The following workout is a family hike that focuses on easy distance and mental recovery. The Mooney sisters emphasized the importance of taking a plunge in “a cold body of water” at some point, either during or post-hike. Again, plunging into a cold body of water is key to the workout.
Jumping into a glacial mountain lake may not seem very pleasant — one look at their brother Scott’s face in the above photo above tells it all all — however, the momentary chill is actually said to benefit both the body and psyche (think of the Finns).
Research shows that exposing the body to cold water, even in the form of a shower, can bring about positive physiological and psychological effects by increasing blood flow to the brain and extremities.
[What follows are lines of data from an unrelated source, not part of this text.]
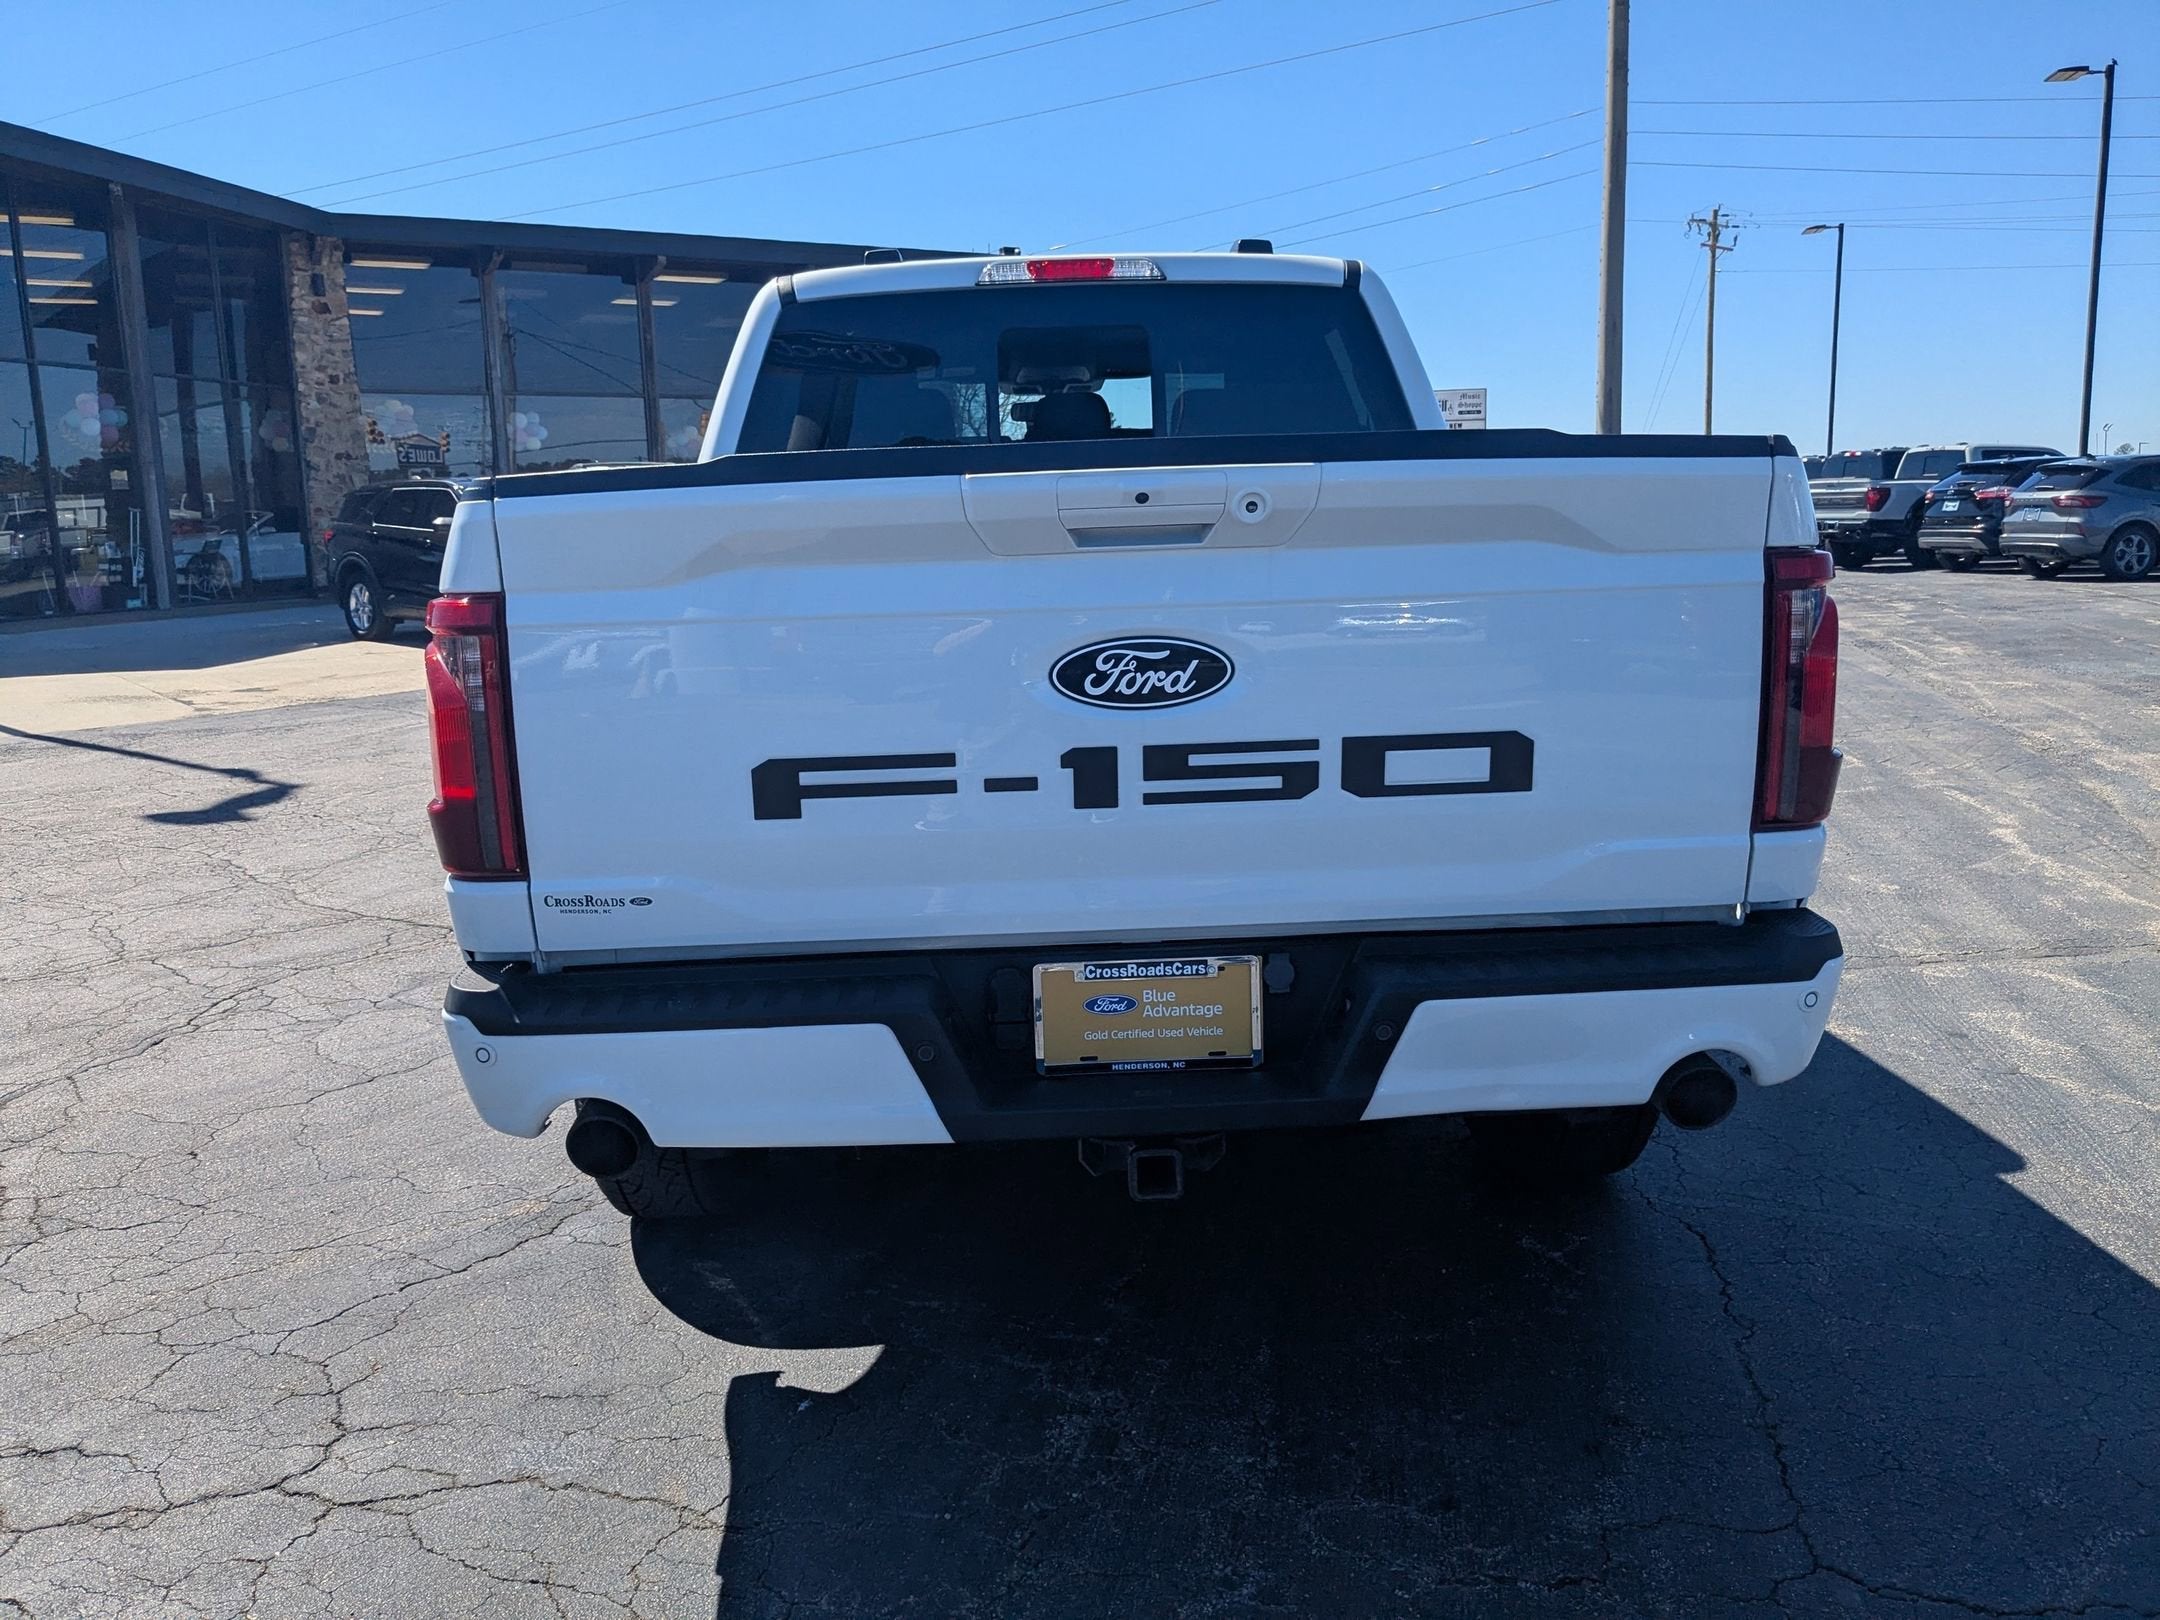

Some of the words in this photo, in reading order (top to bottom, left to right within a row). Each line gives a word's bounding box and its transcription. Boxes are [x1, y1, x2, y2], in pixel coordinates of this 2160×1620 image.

[1083, 649, 1200, 696] Ford
[751, 730, 1535, 820] F-150
[1085, 962, 1206, 979] CrossRoadsCars
[1142, 989, 1176, 1003] Blue
[1093, 997, 1128, 1012] Ford
[1142, 1002, 1223, 1018] Advantage
[1084, 1030, 1109, 1041] Gold
[1111, 1028, 1155, 1039] Certified
[1157, 1027, 1184, 1038] Used
[1186, 1026, 1224, 1037] Vehicle
[1112, 1062, 1171, 1071] HENDERSON,
[1172, 1061, 1186, 1069] NC
“Besides the recovery aspect, plunging in cold water is proven to make you happier! (Thanks Mom for encouraging this from a young age),” Brooke and Heather wrote in a joint email to Fasterskier.
So bring on the rugged slopes and ice-capped waters. The frigid never stopped nordic skiers before.
The Workout: Easy distance family hike
“Either a favorite mountain at home, or a thoughtfully selected new location from travel guide Mom (such as Lake 22 at Brooke’s graduation in Seattle a few weeks ago),” the siblings wrote in June. “Ideally somewhere with a nice view, or natural feature, with a lake or river for jumping in afterwards.”
Length of workout: As long or as short as desired
Purpose: “Goals are to enjoy being outside with your family, or friends, or dog, or neighbor. Attention should be focused on appreciating nature and great company and how fortunate you are to have close friends/family to enjoy being outside with!” they wrote. “Attention should be specifically not focused on heart rate, duration, distance, or Strava segments (except for in the one instance when we went to our cousin’s wedding in Atlanta, found the biggest hill around via Strava, and naturally decided we needed to try and get the KOM, but it was still a family adventure).”
No. 1 Suggestion: “Trust that the less you think of it as ‘training’ the better it will be for you!”